La solitude d’un enfant sans relais parental haut placé
Le lendemain des faits, le ministre de l’Enseignement supérieur d’alors, René Ndemezo’o Obiang, annonce l’exclusion définitive de quatre étudiants: Alain Nzigou, Alain-Claude Bilie-By-Nze, Aimé Mapangou et Nicaise Ngwa Mbina. Une liste de 39 exclus circulera ensuite, incluant même Lydia Ella Assa, sa compagne de lutte culturelle, et l’épouse de Bilie-By-Nze.
Mais chacun ira voir un parent bien placé (ministre, député, directeur) pour faire jouer ses relations politiques. «Finalement, de trente-neuf plus quatre, nous nous sommes retrouvés à trois, exclus: Alain Nzigou, Aimé Mapangou et moi. Tous les autres, leurs noms avaient disparu.» Une sélectivité que Aimé Mapangou dénoncera en 2014, affirmant: «Si j’étais de Bitam, je n’aurais pas été exclu.»
Et Bilie-By-Nze de poursuivre: «les étudiants pour qui on s’est battus, il n’y a plus personne. Il y avait quelques-uns qui tentaient de se mobiliser au début. Mais bien sûr, chacun sous la pression de la famille, des parents, des amis, [avec des conseils du genre] ‘écoute, laisse tomber, ne te mêle pas, fais attention, etc.’ C’est ça que nous avons vécu.»
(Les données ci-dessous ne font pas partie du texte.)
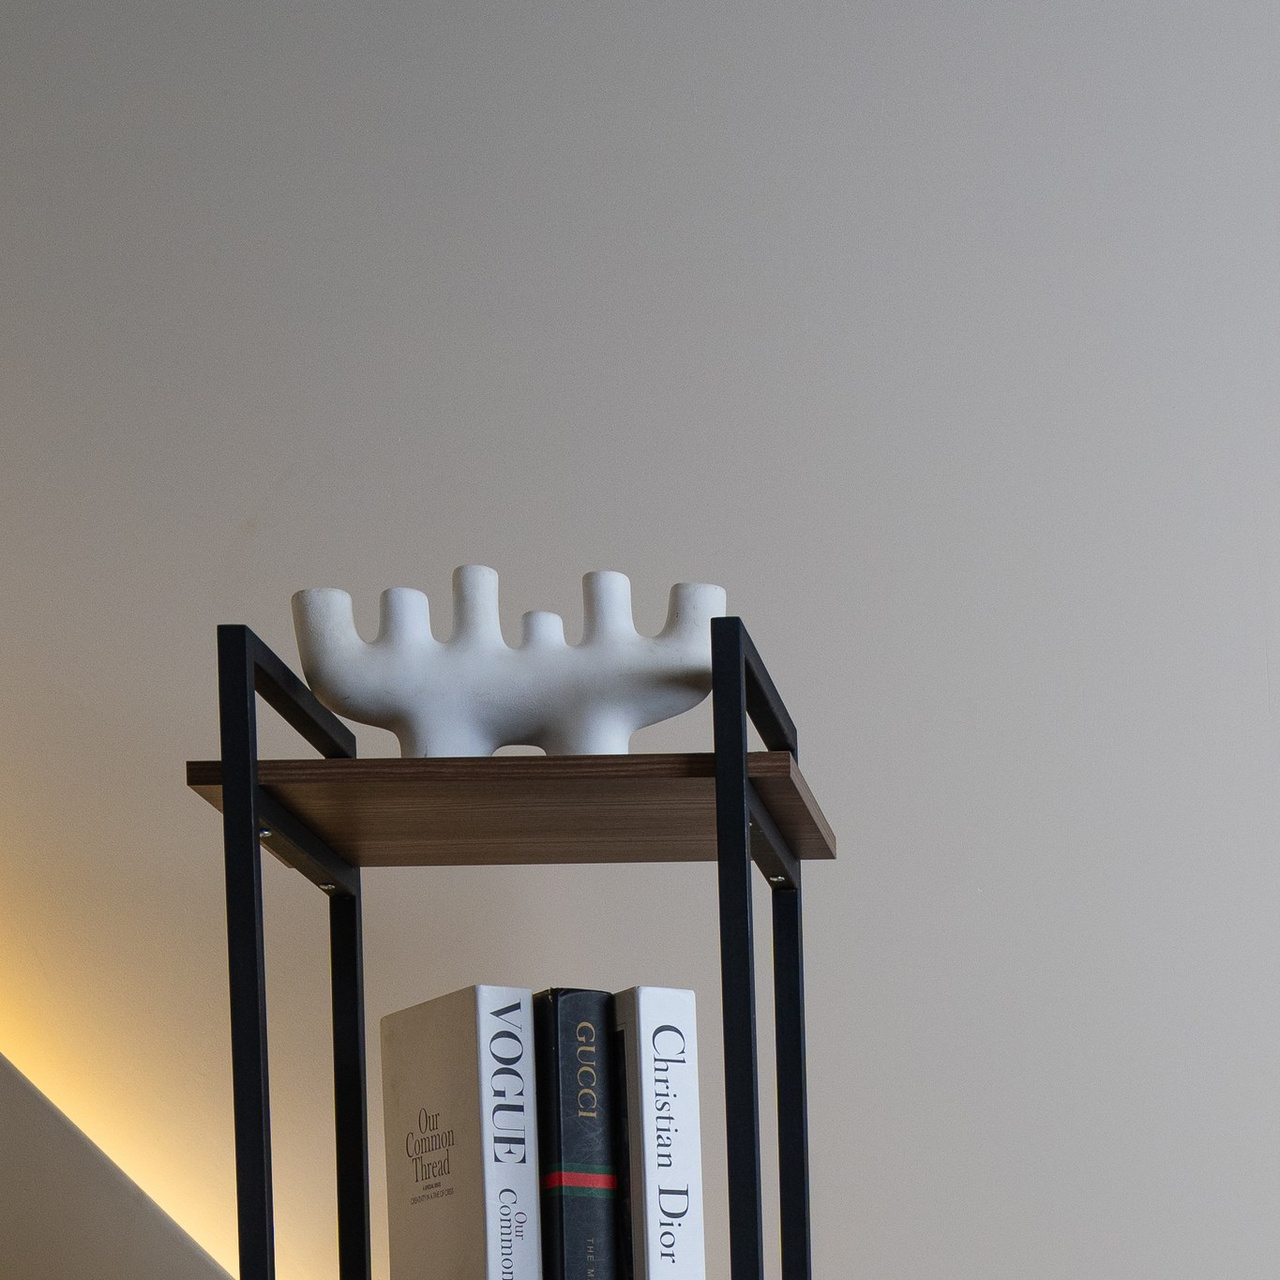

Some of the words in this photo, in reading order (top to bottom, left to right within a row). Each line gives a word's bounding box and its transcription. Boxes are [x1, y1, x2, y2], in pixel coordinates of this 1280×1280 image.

Entré dans la clandestinité, contraint de changer de planque tous les deux ou trois jours, il vécut une année de fuite sous la bienveillance discrète de Pierre Monsard, Anaclé Bissielo, Fabien Méré, Auguste Moussirou.
Trente ans plus tard, Daniel Ona Ondo, le recteur, n’a jamais livré publiquement sa version. Ce silence, que GabonReview interrogeait en 2014 (lire «le silence éloquent») alimente le mystère.
«Ceux qui ont vécu à l’intérieur même, dans le rectorat, n’en ont jamais parlé? Ceux qui ont été présents et qui ont vu ceux qui ont porté main, pourquoi n’ont-ils jamais parlé?» interroge Bilie-By-Nze, maintenant la pression sur l’ancien recteur.